Exonuclease III-assisted signal amplification strategy for sensitive fluorescence detection of polynucleotide kinase based on poly(thymine)-templated copper nanoparticles

A sensitive and label-free fluorometric method has been developed for the determination of polynucleotide kinase (PNK) activity, by employing exonuclease III (Exo III)-assisted cyclic signal amplification and poly(thymine)-templated copper nanoparticles (polyT-CuNPs). In the presence of PNK, cDNA with 5'-hydroxyl termini was phosphorylated and then hybridized with tDNA to form the cDNA/tDNA duplex, which subsequently triggered the lambda exonuclease cleavage reaction, eventually resulting in the release of tDNA. The released tDNA could unfold the hairpin structure of HP DNA to generate partially complementary duplex (tDNA/HP DNA), wherein the HP DNA possessed T-rich sequences (T30) and tDNA recognition sequence. With the help of Exo III digestion, the tDNA was able to initiate the cycle for the generation of T-rich sequences, the template for the formation of fluorescent CuNPs. Conversely, the cDNA could not be cleaved by lambda exonuclease without PNK and individual HP DNA could not be hydrolyzed by Exo III. The T-rich sequence was caged in HP DNA, resulting in a weak fluorescence signal.
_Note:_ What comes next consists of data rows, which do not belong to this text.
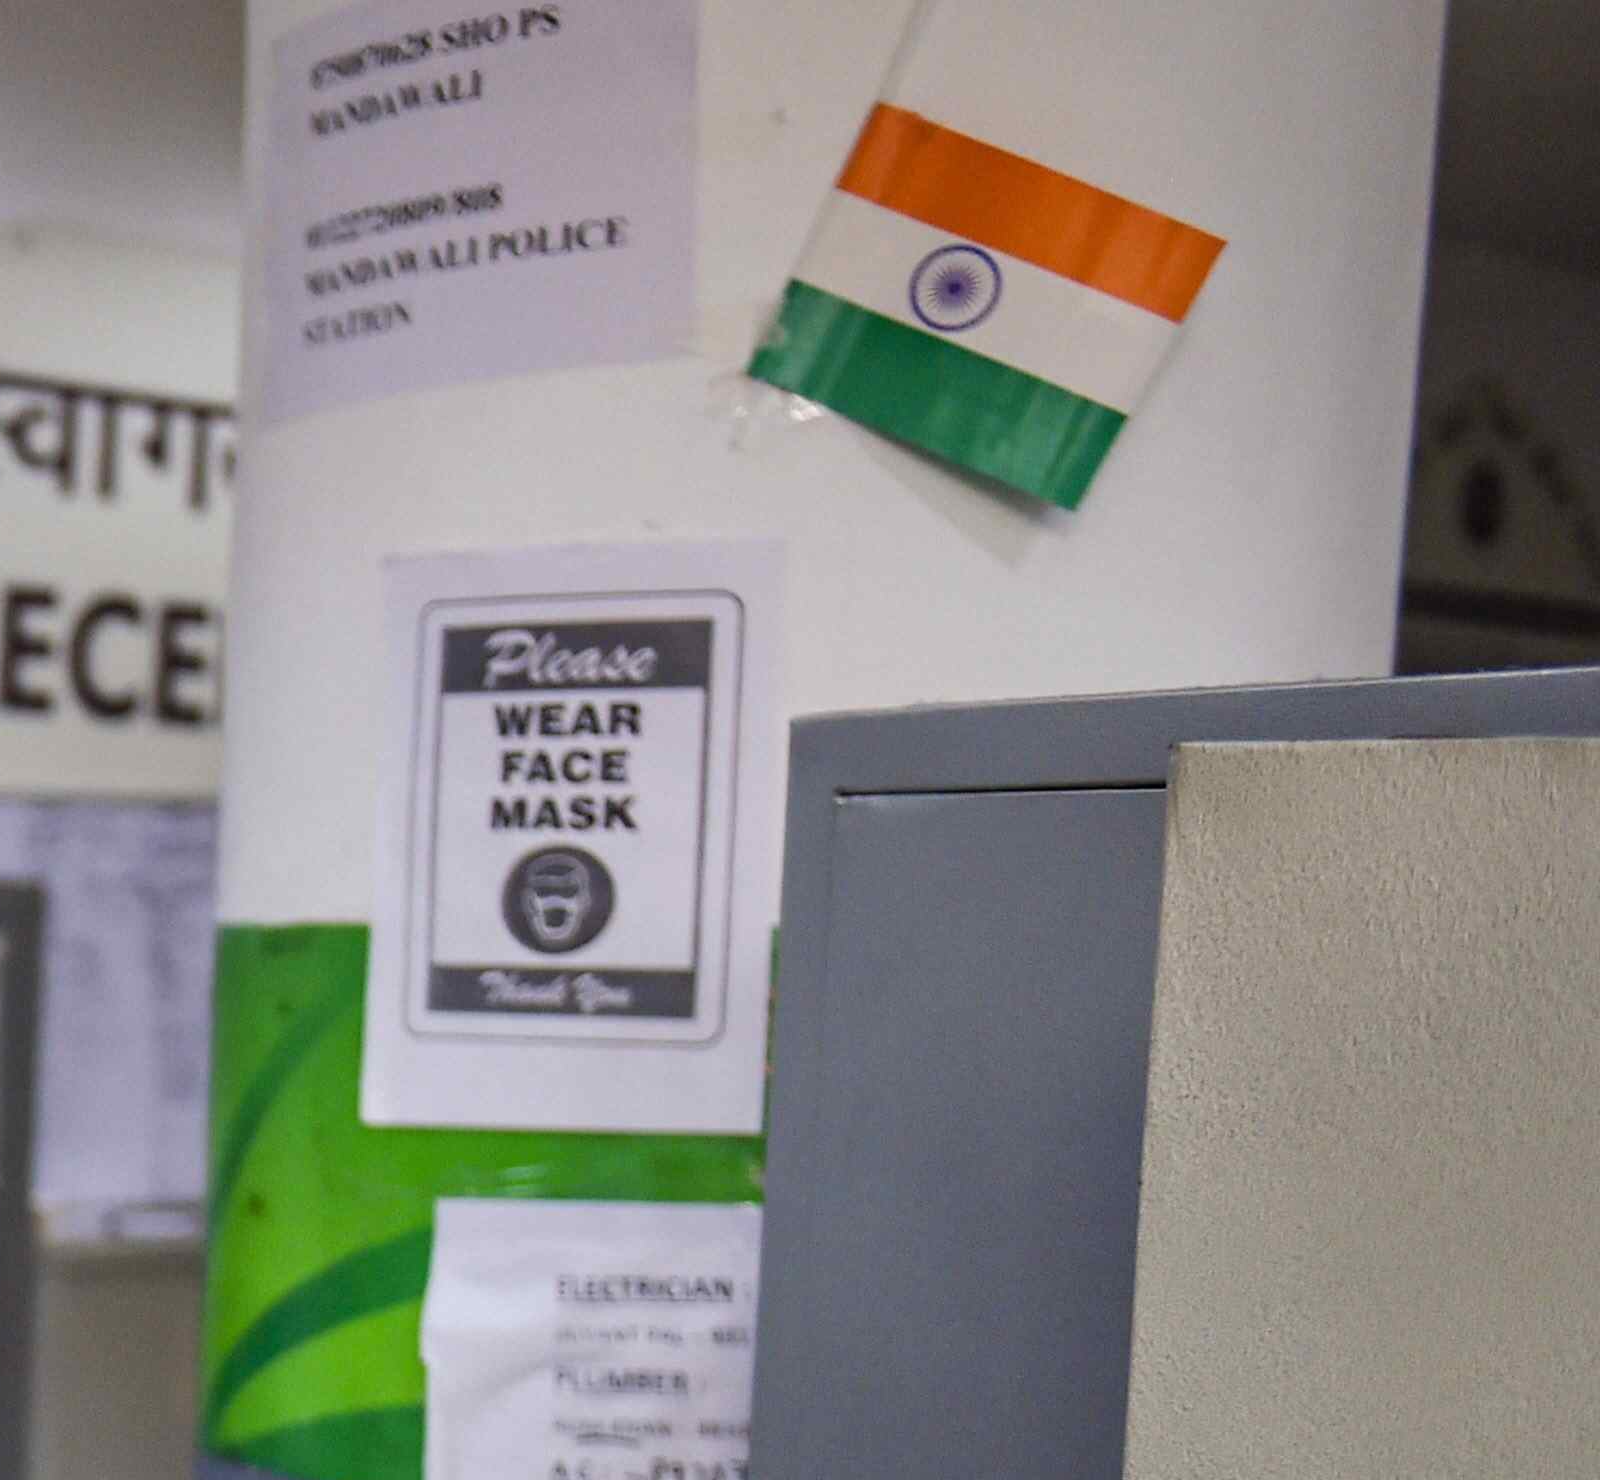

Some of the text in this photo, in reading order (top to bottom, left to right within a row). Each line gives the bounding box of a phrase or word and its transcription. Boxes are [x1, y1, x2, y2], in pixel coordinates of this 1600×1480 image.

[439, 13, 508, 52] SHO
[517, 4, 561, 38] PS
[310, 69, 483, 134] MANDAWALI
[305, 217, 629, 296] MANDAWALI POLICE
[302, 300, 411, 346] STATION
[483, 630, 659, 688] Please
[492, 702, 642, 738] WEAR
[499, 750, 629, 785] FACE
[489, 797, 639, 832] MASK
[480, 970, 631, 1013] Thank You
[557, 1274, 734, 1300] ELECTRICIAN
[556, 1365, 688, 1393] PLUMBER
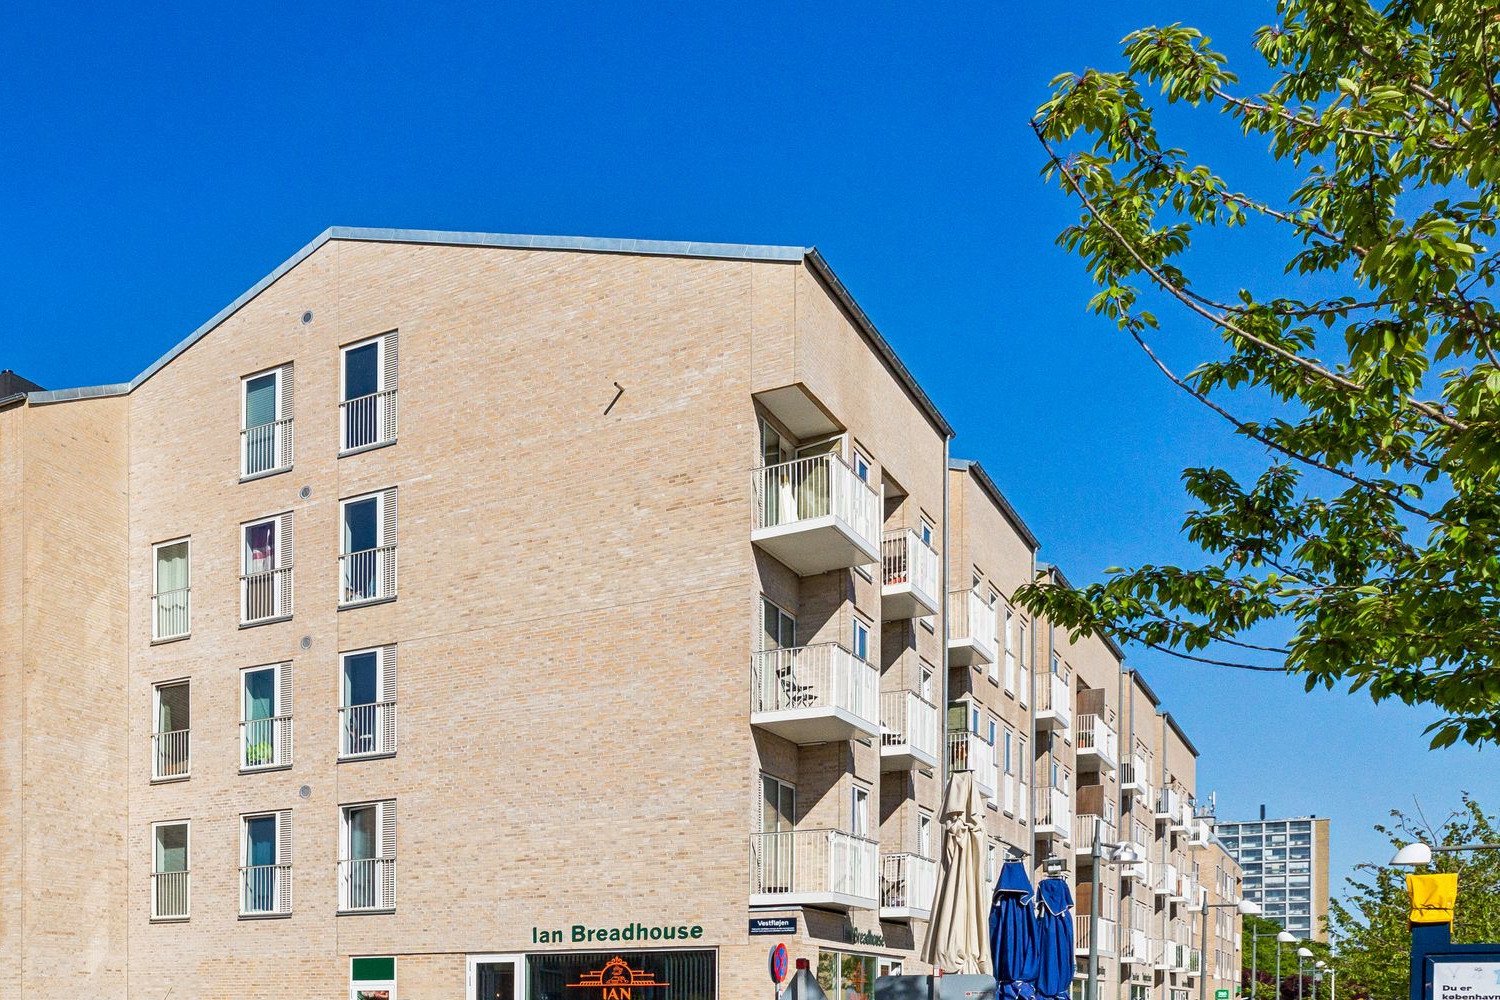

Under optimized conditions, the fluorescence intensity was linearly correlated to a concentration range of 0.001 to 1 U mL(-1) with a low detection limit of 2 x 10(-4) U mL(-1). Considering the intriguing analytical performance, this approach could be explored to screen T4 PNK inhibitors and hold promising applications in drug discovery and disease therapy.